Tuesday, February 12, 2013
Review: The Red Market by Scott Carney
The Red Market, by Scott Carney (2011)
[Cover image courtesy of www.scottcarney.com]
If you, like me, are fascinated with the corners of human society that one rarely hears anything about, The Red Market goes above and beyond the voyeuristic appeal of the subject matter and presents a nuanced view of the business of the human body in different corners of the world.
Scott Carney is a great writer, but most importantly The Red Market is an amazing piece of journalism. Exposing the very different ways that value is placed on the many different parts of the human body that the world needs (and uses), the book gives an inside look at the trade in human flesh that is extremely compelling.
The story touches on the completely criminal, the quasi-grey-market, and the completely-aboveboard markets for human hair, blood, organs and adoptive children, to name a few, and what is most amazing is that in each case Carney gives us a look at how it works on the ground – because he went to these places and talked to the people who make their livings off of these markets.

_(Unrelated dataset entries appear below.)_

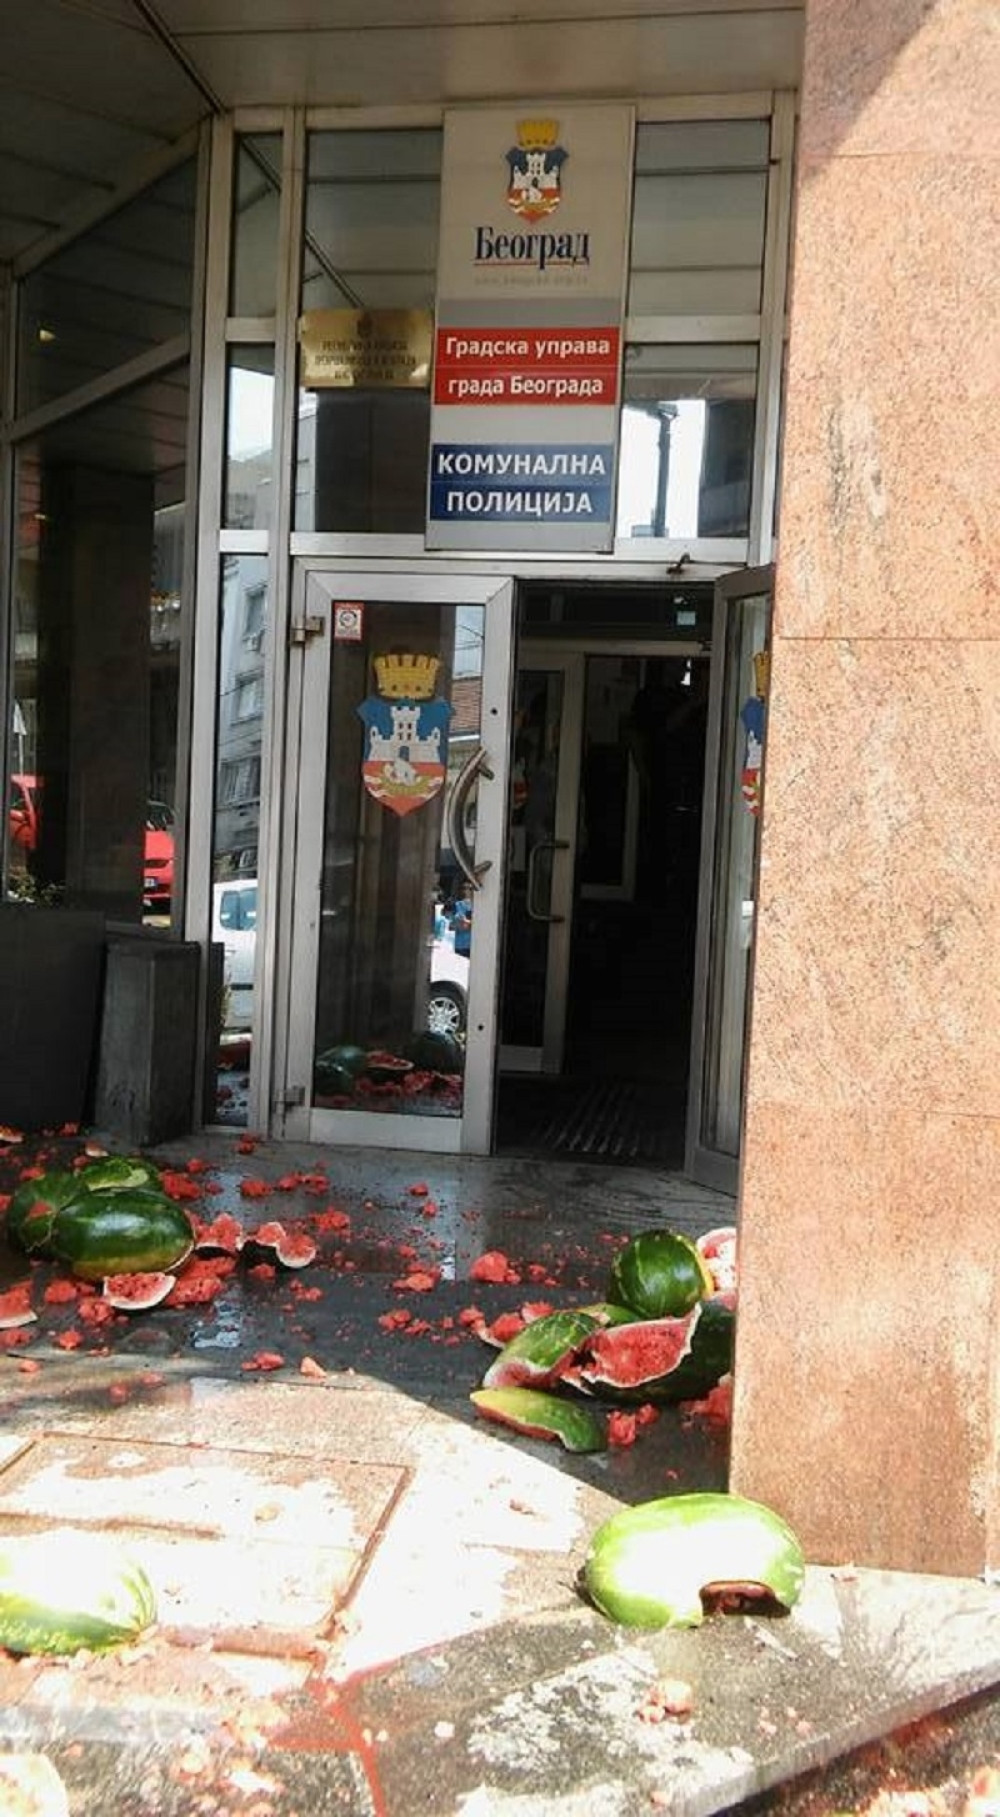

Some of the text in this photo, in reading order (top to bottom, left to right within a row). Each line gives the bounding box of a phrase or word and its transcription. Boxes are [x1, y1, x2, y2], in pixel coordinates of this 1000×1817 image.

[475, 226, 590, 270] Београд
[446, 337, 610, 359] Градска управа
[448, 374, 603, 398] града Београда
[437, 453, 606, 475] КОМУНАЛНА
[446, 491, 593, 516] ПОЛИЦИЈА
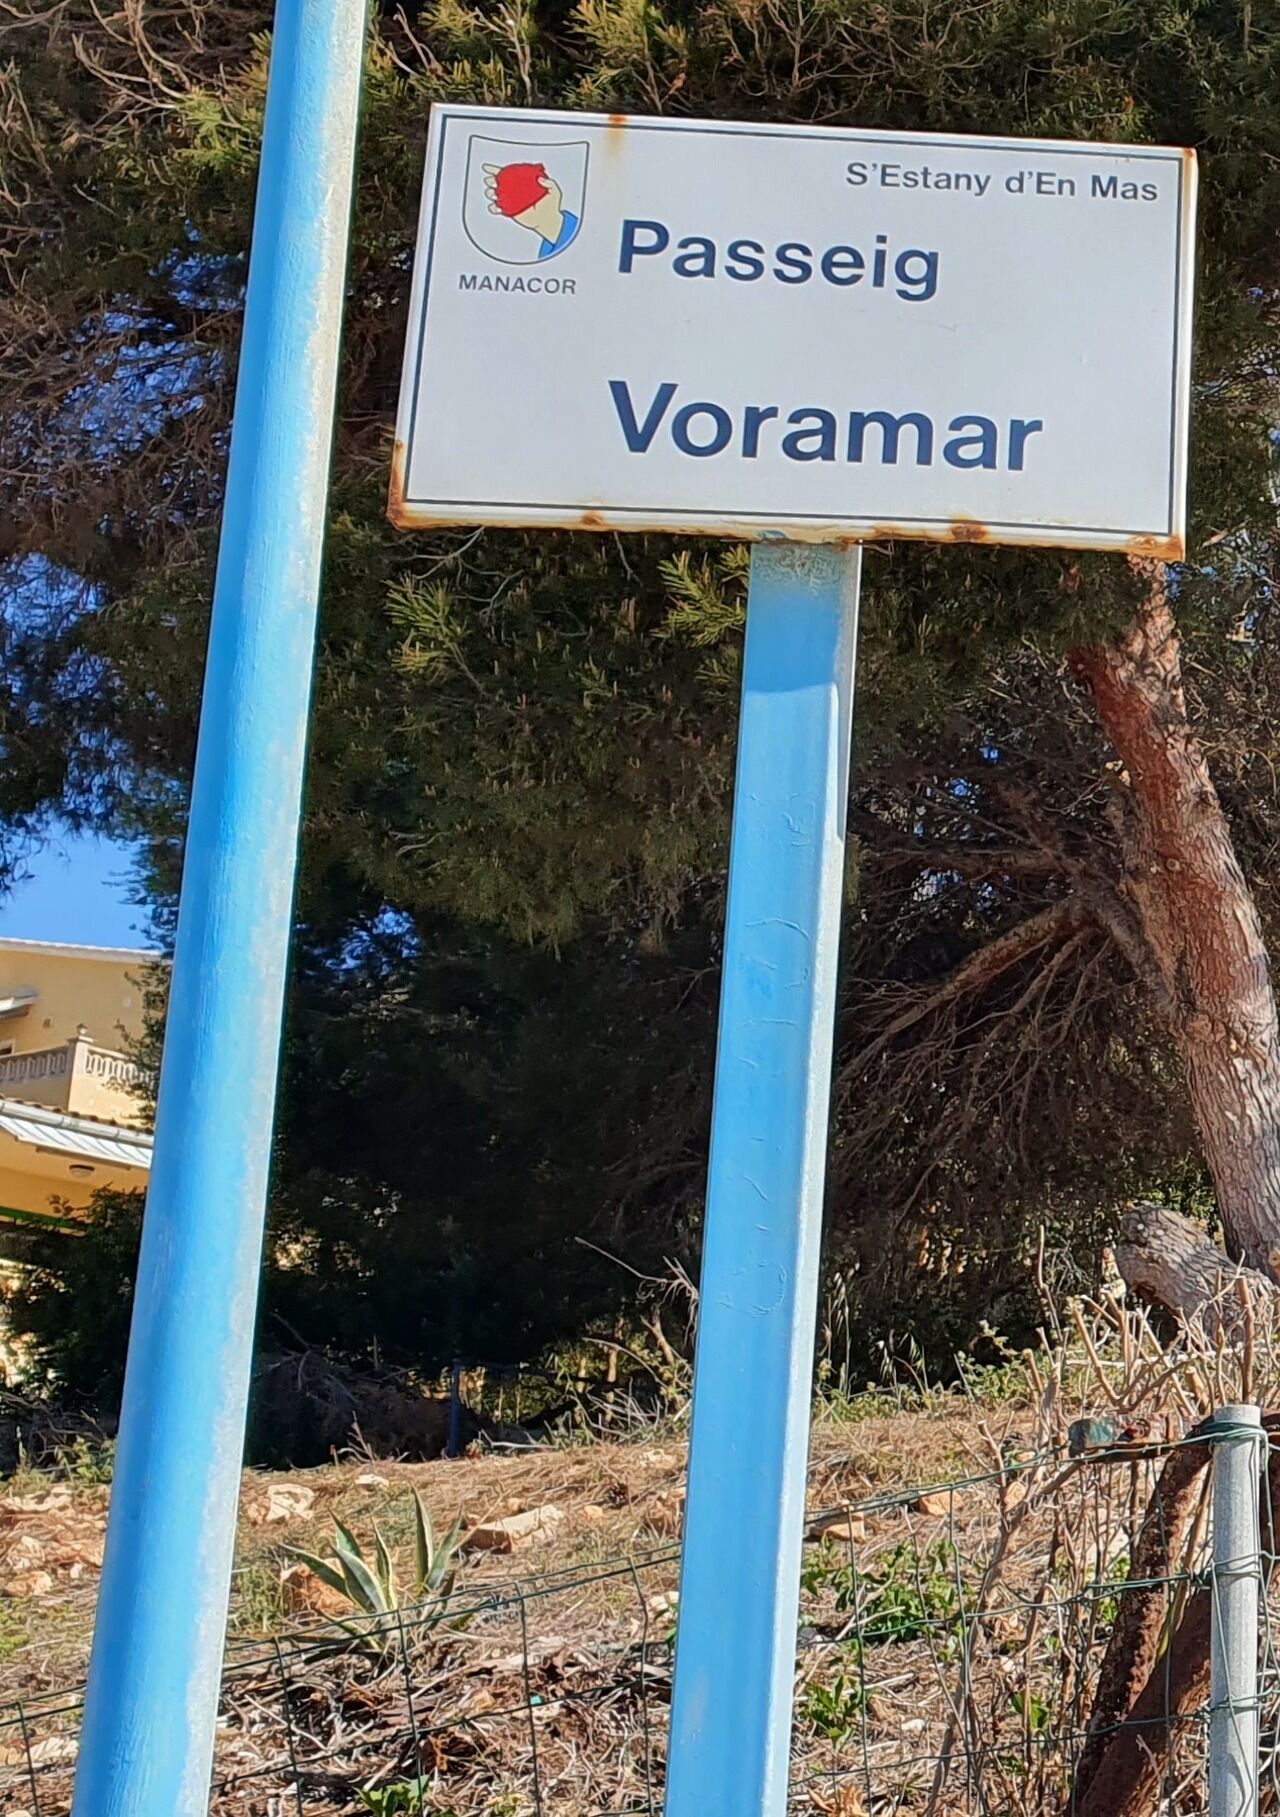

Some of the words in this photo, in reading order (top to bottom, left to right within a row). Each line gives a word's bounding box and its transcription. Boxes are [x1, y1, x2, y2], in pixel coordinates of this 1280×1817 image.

He doesn't tell you "hospitals in India make you bring your own supply of blood if you are going to have an operation that requires a transfusion", he tells you "I went to a food vendor across the street from the hospital, who took me into a back alley and offered to sell me a pint of B- for $20" (not an exact quote but you get the idea).
In some cases, people are abused and exploited. In some cases people are just meeting a need that the legal market is not meeting because our society has established a philosophy that voluntary donation (of kidneys, blood, etc) is the only ethical way to manage the supply. Meanwhile a whole host of middlemen (doctors, hospitals, "adoption counselors") make a ton of money off of those donations.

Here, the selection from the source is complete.